TASK TO CARRY OUT:
Everything from the line that contains "this 1500×1243 image." to the end of the data below is to be reproduced verbatim; leave all else out.

INFORMATION:
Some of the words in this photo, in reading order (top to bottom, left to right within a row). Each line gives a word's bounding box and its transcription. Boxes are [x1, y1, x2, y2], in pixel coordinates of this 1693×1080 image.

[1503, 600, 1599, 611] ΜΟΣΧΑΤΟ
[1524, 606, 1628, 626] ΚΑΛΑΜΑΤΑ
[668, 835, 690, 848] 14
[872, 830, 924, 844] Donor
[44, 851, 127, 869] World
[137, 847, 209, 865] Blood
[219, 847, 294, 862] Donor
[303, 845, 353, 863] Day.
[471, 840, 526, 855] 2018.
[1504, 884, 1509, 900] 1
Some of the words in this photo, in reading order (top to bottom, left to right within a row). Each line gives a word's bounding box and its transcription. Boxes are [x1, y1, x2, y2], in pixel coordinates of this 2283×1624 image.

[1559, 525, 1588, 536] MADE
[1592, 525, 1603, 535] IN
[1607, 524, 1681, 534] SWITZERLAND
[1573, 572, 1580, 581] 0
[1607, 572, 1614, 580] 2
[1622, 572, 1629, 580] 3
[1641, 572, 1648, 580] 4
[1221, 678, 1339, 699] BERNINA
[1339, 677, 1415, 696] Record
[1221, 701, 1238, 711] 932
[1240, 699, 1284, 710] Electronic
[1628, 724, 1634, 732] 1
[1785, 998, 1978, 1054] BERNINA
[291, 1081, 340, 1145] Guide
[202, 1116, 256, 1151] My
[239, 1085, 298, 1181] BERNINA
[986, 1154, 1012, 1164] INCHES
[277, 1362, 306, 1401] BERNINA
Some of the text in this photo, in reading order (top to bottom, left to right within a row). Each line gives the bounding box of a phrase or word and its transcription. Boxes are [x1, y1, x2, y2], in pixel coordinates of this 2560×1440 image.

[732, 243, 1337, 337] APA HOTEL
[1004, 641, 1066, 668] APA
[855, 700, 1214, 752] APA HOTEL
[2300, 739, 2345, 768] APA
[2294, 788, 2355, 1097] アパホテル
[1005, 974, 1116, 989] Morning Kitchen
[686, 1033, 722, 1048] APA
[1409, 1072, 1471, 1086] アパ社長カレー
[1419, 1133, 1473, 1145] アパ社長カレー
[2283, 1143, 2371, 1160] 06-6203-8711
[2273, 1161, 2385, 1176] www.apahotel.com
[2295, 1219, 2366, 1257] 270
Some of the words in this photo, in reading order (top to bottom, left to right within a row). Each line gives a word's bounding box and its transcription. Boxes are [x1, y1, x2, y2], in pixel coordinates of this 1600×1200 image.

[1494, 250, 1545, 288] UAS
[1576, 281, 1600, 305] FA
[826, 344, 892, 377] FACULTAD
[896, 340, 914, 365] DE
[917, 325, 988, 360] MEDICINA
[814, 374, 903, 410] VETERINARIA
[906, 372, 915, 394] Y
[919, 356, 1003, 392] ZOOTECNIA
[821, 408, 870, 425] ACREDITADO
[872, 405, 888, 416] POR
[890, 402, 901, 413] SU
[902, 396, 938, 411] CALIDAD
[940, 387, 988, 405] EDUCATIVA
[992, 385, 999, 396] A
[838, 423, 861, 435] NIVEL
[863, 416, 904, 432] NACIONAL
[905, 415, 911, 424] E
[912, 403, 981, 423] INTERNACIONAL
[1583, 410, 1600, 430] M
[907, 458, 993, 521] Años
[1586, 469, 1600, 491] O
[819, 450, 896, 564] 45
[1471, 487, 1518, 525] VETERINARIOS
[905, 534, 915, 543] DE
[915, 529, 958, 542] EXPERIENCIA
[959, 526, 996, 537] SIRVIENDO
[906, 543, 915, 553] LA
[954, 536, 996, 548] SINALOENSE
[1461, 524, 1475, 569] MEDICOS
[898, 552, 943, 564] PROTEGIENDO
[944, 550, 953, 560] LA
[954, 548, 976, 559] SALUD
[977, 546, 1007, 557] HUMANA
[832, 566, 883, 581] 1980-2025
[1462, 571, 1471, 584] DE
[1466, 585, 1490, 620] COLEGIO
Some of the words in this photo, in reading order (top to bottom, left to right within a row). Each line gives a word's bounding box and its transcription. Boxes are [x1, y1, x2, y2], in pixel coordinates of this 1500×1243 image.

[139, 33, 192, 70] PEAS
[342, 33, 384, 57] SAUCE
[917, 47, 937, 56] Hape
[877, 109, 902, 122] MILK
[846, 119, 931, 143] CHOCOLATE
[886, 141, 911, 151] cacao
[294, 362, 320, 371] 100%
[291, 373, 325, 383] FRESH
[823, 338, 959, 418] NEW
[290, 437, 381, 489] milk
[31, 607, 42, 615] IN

FINAL ANSWER:
Some of the words in this photo, in reading order (top to bottom, left to right within a row). Each line gives a word's bounding box and its transcription. Boxes are [x1, y1, x2, y2], in pixel coordinates of this 1500×1243 image.

[139, 33, 192, 70] PEAS
[342, 33, 384, 57] SAUCE
[917, 47, 937, 56] Hape
[877, 109, 902, 122] MILK
[846, 119, 931, 143] CHOCOLATE
[886, 141, 911, 151] cacao
[294, 362, 320, 371] 100%
[291, 373, 325, 383] FRESH
[823, 338, 959, 418] NEW
[290, 437, 381, 489] milk
[31, 607, 42, 615] IN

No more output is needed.